During Friday’s media availability in Pullman, Rolovich was asked directly if he was getting the vaccine.


“I appreciate it, but I’m going to follow the mandate,” he replied, and then used that phrase a couple of more times to deflect questions.

So now it has become a game of semantics. Given yet another opportunity to administer a modicum of transparency, Rolovich again whiffed. As the highest-paid state employee — $3.2 million per year — Rolovich is in a position of high visibility and focus, whether he likes it or not. And at a time of COVID resurgence, many people are looking for Rolovich to set an example in leadership that he continues to abdicate.

Still, that used to be excused as a matter of personal choice, and the choice of how much the university could tolerate a stance that was antithetical to its own. You could gripe and fume all you want, but Rolovich had the “personal reasons” proviso to cling to. It was right there in the official university policy, like it or not.

Now that avenue is gone. At this point, I’ll state the obvious: If Rolovich has a valid medical condition that precludes him from getting the vaccine, then I will apologize and take back all the criticism. But he has had ample opportunity for weeks to let that be known (without going into personal details that are no one’s business). A simply worded announcement would have ended the whole debate in its tracks and taken away a month and counting of unwanted scrutiny of the Cougar football program. However, that has not happened, so we are left to parse the meaning of what exactly “following the mandate” entails.

I still hope Rolovich will surprise us by getting the vaccine. He has less than two months to come to that conclusion. But his repeated refusal to say he will receive the shot leaves open the possibility that Rolovich will hold firm to his no-vaccine stance and seek to invoke some interpretation of the mandate that gets him out of it. Or force a response from his bosses, which would be the showdown I alluded to at the beginning.

That, in turn, would put the onus squarely on Chun and Schulz. At some point not too far in the future, they might well have to decide whether they can abide their highest-profile coach flouting the rules that they require all their students and staff to abide by.

It’s not a pleasant situation entering a new season.

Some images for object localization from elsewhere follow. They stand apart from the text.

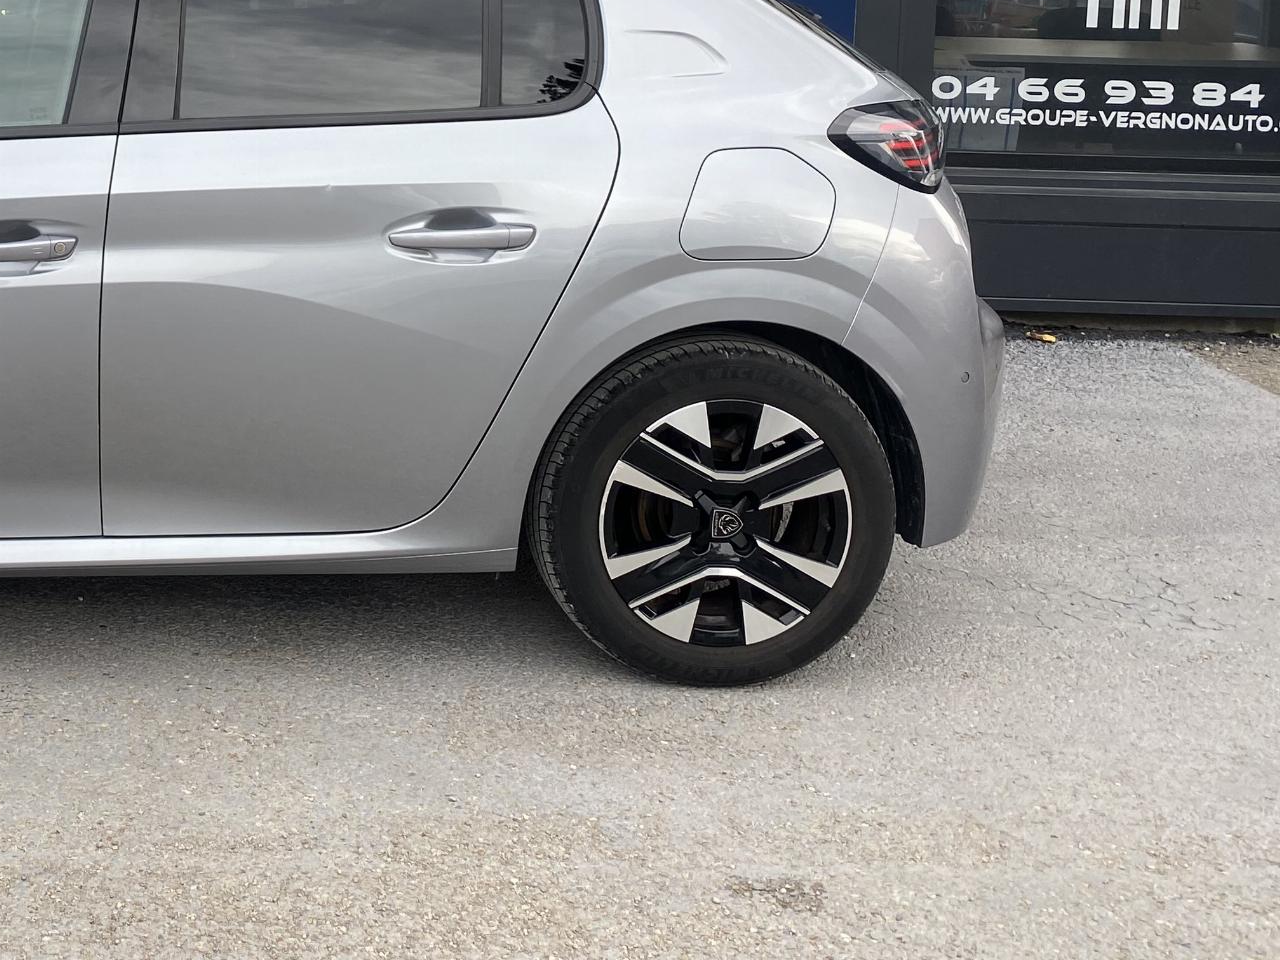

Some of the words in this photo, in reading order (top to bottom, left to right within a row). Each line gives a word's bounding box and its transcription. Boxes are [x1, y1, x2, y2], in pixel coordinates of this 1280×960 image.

[931, 75, 1001, 101] 04
[1017, 77, 1086, 103] 66
[1104, 79, 1175, 106] 93
[1192, 82, 1266, 108] 84
[932, 105, 1280, 133] WWW.GROUPE-VERGNONAUTO.

I have heard from many Cougar alums who are infuriated with Rolovich to the point of hoping he is fired, or that WSU loses all its games just to get him out of there. To be fair, I have heard from others (not nearly as many) who support his stance. Not surprising, it has devolved into a political debate as much as a medical one.

No program wants an emotional and highly charged rift like that dividing its fan base, but that’s where WSU finds itself. Rolovich is standing out from the crowd, all right. Be careful what you wish for.